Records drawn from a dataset
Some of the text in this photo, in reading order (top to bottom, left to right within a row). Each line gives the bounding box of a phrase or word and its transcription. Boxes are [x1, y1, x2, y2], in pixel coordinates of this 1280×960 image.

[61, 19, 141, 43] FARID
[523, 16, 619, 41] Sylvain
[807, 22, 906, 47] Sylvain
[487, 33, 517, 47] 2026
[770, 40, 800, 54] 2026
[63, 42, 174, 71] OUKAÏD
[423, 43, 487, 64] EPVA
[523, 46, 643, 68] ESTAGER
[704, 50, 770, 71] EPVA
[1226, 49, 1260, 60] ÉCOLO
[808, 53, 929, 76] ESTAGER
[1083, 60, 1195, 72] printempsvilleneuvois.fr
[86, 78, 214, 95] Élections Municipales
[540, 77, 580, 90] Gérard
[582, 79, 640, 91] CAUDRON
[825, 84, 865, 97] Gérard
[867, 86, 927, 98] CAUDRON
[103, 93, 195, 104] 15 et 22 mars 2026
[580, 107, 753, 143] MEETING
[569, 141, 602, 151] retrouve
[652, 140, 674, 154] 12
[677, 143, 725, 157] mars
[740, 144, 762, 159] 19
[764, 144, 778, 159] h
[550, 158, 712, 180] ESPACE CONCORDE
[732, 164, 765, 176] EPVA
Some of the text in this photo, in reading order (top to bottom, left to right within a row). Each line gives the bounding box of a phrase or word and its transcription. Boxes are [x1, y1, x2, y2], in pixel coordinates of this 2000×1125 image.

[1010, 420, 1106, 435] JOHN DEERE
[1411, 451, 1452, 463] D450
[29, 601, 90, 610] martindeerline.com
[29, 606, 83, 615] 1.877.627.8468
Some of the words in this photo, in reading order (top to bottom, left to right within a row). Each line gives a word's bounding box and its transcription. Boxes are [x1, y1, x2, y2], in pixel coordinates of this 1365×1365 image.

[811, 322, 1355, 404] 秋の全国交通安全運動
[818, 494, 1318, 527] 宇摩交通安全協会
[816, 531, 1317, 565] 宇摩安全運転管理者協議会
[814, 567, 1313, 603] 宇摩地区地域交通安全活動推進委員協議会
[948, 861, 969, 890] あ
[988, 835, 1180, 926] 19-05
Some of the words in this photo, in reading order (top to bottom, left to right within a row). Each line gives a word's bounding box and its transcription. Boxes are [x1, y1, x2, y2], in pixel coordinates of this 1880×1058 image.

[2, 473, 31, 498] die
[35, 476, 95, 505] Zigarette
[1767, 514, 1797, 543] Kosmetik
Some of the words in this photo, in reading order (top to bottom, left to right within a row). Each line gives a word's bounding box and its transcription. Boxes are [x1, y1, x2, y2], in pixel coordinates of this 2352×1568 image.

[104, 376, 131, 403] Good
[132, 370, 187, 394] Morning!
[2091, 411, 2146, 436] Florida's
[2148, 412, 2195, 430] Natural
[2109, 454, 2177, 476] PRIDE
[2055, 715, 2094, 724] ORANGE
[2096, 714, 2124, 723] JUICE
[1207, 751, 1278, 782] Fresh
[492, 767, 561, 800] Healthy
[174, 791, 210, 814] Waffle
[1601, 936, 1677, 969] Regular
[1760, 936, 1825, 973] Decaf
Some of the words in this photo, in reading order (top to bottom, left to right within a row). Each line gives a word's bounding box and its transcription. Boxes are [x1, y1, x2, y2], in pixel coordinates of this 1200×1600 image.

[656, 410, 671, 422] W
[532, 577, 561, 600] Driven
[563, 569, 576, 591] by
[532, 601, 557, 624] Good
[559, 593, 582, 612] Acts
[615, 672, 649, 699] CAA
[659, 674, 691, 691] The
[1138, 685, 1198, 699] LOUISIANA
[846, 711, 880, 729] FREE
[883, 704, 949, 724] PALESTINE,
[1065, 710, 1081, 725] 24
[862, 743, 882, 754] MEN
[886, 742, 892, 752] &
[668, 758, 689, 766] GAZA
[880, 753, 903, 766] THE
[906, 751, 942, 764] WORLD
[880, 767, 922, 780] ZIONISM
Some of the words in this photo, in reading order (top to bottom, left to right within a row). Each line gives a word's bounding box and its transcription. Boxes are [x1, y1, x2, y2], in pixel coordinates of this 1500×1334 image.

> _ABOUT THIS TASK_
Could you restate every entry above word for word?

> _RESPONSE FOR THIS EXERCISE_
Some of the text in this photo, in reading order (top to bottom, left to right within a row). Each line gives the bounding box of a phrase or word and its transcription. Boxes are [x1, y1, x2, y2], in pixel coordinates of this 1280×960 image.

[61, 19, 141, 43] FARID
[523, 16, 619, 41] Sylvain
[807, 22, 906, 47] Sylvain
[487, 33, 517, 47] 2026
[770, 40, 800, 54] 2026
[63, 42, 174, 71] OUKAÏD
[423, 43, 487, 64] EPVA
[523, 46, 643, 68] ESTAGER
[704, 50, 770, 71] EPVA
[1226, 49, 1260, 60] ÉCOLO
[808, 53, 929, 76] ESTAGER
[1083, 60, 1195, 72] printempsvilleneuvois.fr
[86, 78, 214, 95] Élections Municipales
[540, 77, 580, 90] Gérard
[582, 79, 640, 91] CAUDRON
[825, 84, 865, 97] Gérard
[867, 86, 927, 98] CAUDRON
[103, 93, 195, 104] 15 et 22 mars 2026
[580, 107, 753, 143] MEETING
[569, 141, 602, 151] retrouve
[652, 140, 674, 154] 12
[677, 143, 725, 157] mars
[740, 144, 762, 159] 19
[764, 144, 778, 159] h
[550, 158, 712, 180] ESPACE CONCORDE
[732, 164, 765, 176] EPVA
Some of the text in this photo, in reading order (top to bottom, left to right within a row). Each line gives the bounding box of a phrase or word and its transcription. Boxes are [x1, y1, x2, y2], in pixel coordinates of this 2000×1125 image.

[1010, 420, 1106, 435] JOHN DEERE
[1411, 451, 1452, 463] D450
[29, 601, 90, 610] martindeerline.com
[29, 606, 83, 615] 1.877.627.8468
Some of the words in this photo, in reading order (top to bottom, left to right within a row). Each line gives a word's bounding box and its transcription. Boxes are [x1, y1, x2, y2], in pixel coordinates of this 1365×1365 image.

[811, 322, 1355, 404] 秋の全国交通安全運動
[818, 494, 1318, 527] 宇摩交通安全協会
[816, 531, 1317, 565] 宇摩安全運転管理者協議会
[814, 567, 1313, 603] 宇摩地区地域交通安全活動推進委員協議会
[948, 861, 969, 890] あ
[988, 835, 1180, 926] 19-05
Some of the words in this photo, in reading order (top to bottom, left to right within a row). Each line gives a word's bounding box and its transcription. Boxes are [x1, y1, x2, y2], in pixel coordinates of this 1880×1058 image.

[2, 473, 31, 498] die
[35, 476, 95, 505] Zigarette
[1767, 514, 1797, 543] Kosmetik
Some of the words in this photo, in reading order (top to bottom, left to right within a row). Each line gives a word's bounding box and its transcription. Boxes are [x1, y1, x2, y2], in pixel coordinates of this 2352×1568 image.

[104, 376, 131, 403] Good
[132, 370, 187, 394] Morning!
[2091, 411, 2146, 436] Florida's
[2148, 412, 2195, 430] Natural
[2109, 454, 2177, 476] PRIDE
[2055, 715, 2094, 724] ORANGE
[2096, 714, 2124, 723] JUICE
[1207, 751, 1278, 782] Fresh
[492, 767, 561, 800] Healthy
[174, 791, 210, 814] Waffle
[1601, 936, 1677, 969] Regular
[1760, 936, 1825, 973] Decaf
Some of the words in this photo, in reading order (top to bottom, left to right within a row). Each line gives a word's bounding box and its transcription. Boxes are [x1, y1, x2, y2], in pixel coordinates of this 1200×1600 image.

[656, 410, 671, 422] W
[532, 577, 561, 600] Driven
[563, 569, 576, 591] by
[532, 601, 557, 624] Good
[559, 593, 582, 612] Acts
[615, 672, 649, 699] CAA
[659, 674, 691, 691] The
[1138, 685, 1198, 699] LOUISIANA
[846, 711, 880, 729] FREE
[883, 704, 949, 724] PALESTINE,
[1065, 710, 1081, 725] 24
[862, 743, 882, 754] MEN
[886, 742, 892, 752] &
[668, 758, 689, 766] GAZA
[880, 753, 903, 766] THE
[906, 751, 942, 764] WORLD
[880, 767, 922, 780] ZIONISM
Some of the words in this photo, in reading order (top to bottom, left to right within a row). Each line gives a word's bounding box and its transcription. Boxes are [x1, y1, x2, y2], in pixel coordinates of this 1500×1334 image.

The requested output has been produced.